Vancomycin lock solution (LS) is recommended for the conservative treatment of subcutaneous injection port (SIP)-related infections, but may be associated with failure. We used an in vitro dynamic model of biofilm formation in an SIP, based on a continuous flow circulating via a real SIP, to assess the effectiveness of vancomycin (5 mg/ml), daptomycin (5 mg/ml) and ethanol 40 % LS in eradicating a pre-established Staphylococcus epidermidis biofilm. Heparin, Ringer’s lactate and enoxaparin sodium LS were used as controls. The logarithmic reductions of colony-forming units (CFU) were compared by Student’s t-test. After 24 h of exposure, the vancomycin LS did not exert a greater bactericidal effect than the heparin LS control (mean logarithmic reduction: 2.27 ± 0.58 vs. 1.34 ± 0.22, respectively, p = 0.3).

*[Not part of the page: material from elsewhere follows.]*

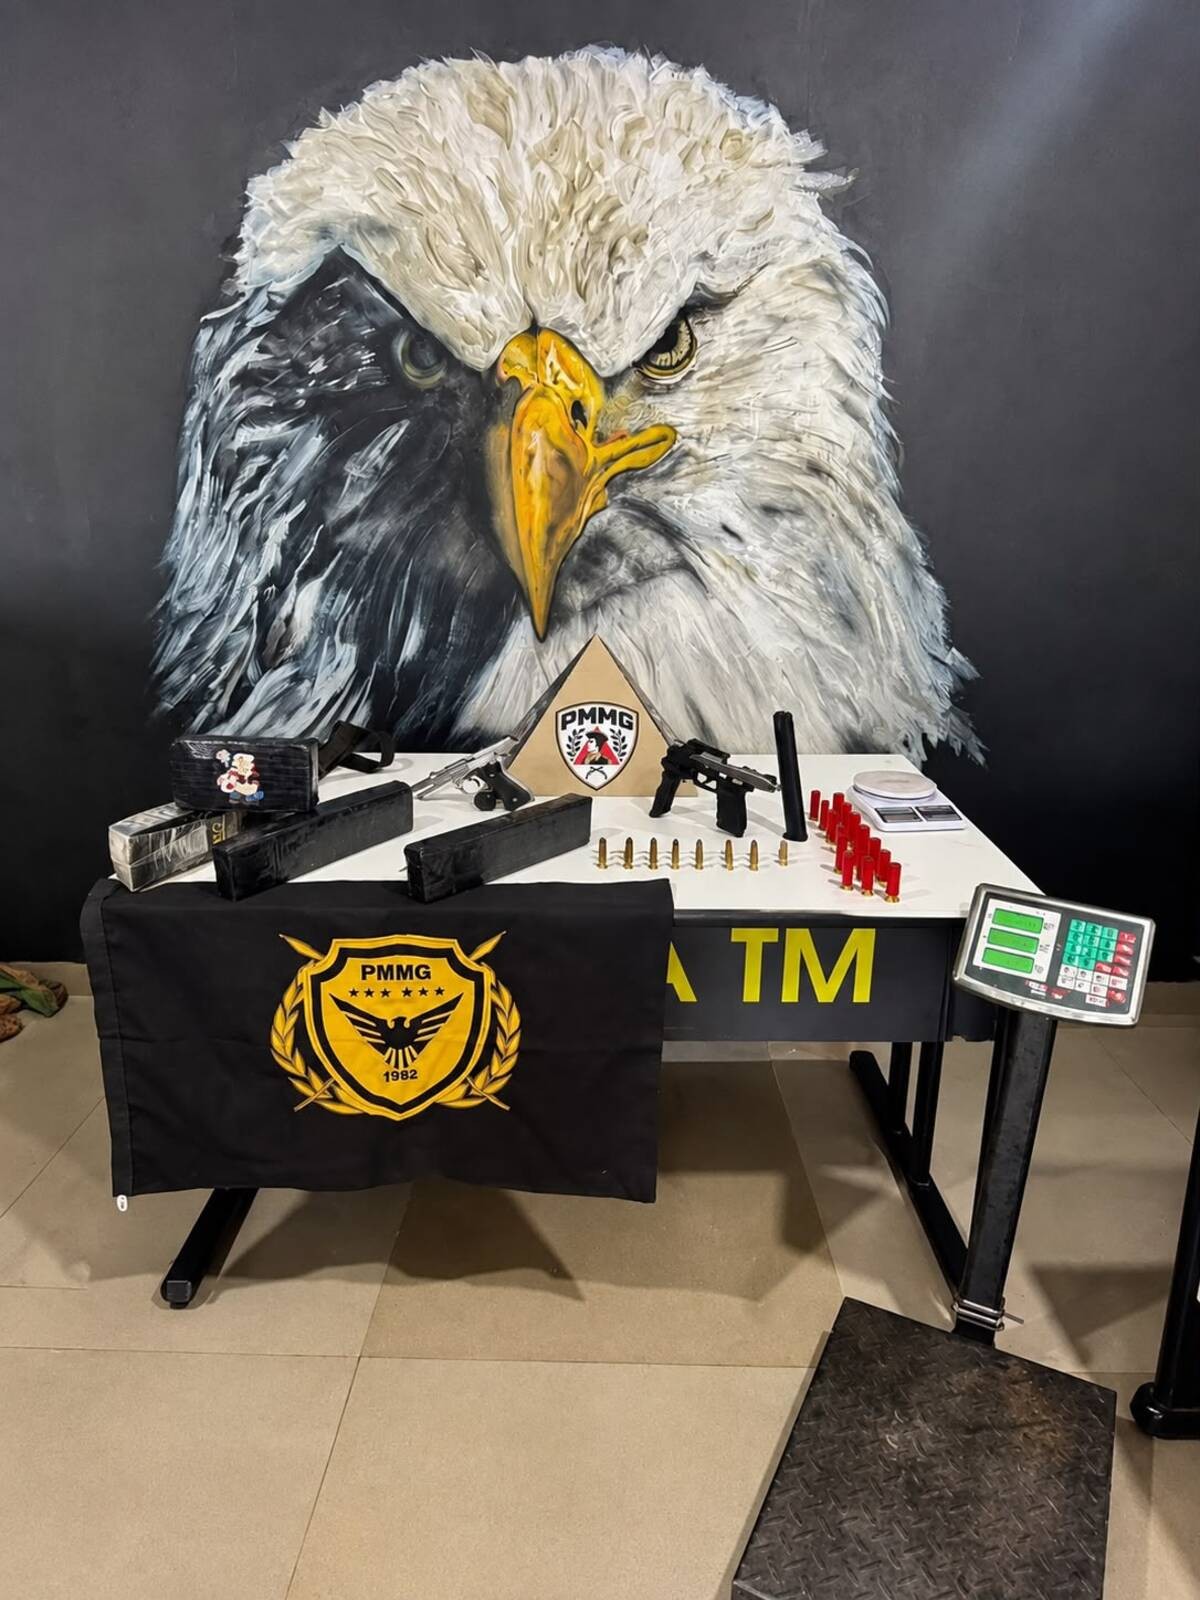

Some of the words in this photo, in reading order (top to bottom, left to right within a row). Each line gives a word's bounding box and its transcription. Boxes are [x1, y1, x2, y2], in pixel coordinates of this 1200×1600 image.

[561, 707, 634, 731] PMMG
[361, 964, 431, 980] PMMG
[730, 927, 877, 1003] TM
[384, 1069, 418, 1082] 1982

The mean logarithmic reduction was greater with daptomycin LS (5.45 ± 0.14 vs. 0.39 ± 0.12, p < 0.01) and ethanol LS (6.79 ± 1.03 vs. 1.43 ± 0.54, p = 0.02). Bacterial revival after exposure to 24 h of LS was assessed. The mean viable bacteria count was significantly higher for vancomycin LS (9.36 ± 0.10 log10CFU) and daptomycin LS (9.16 ± 0.02 log10CFU) than for ethanol LS (2.95 ± 1.65 log10CFU). Ethanol appeared to be the most attractive option to treat SIP-related infection, but its poor ability to entirely disrupt the biofilm structure may require its use in association with a dispersal agent to avoid renewal of the biofilm.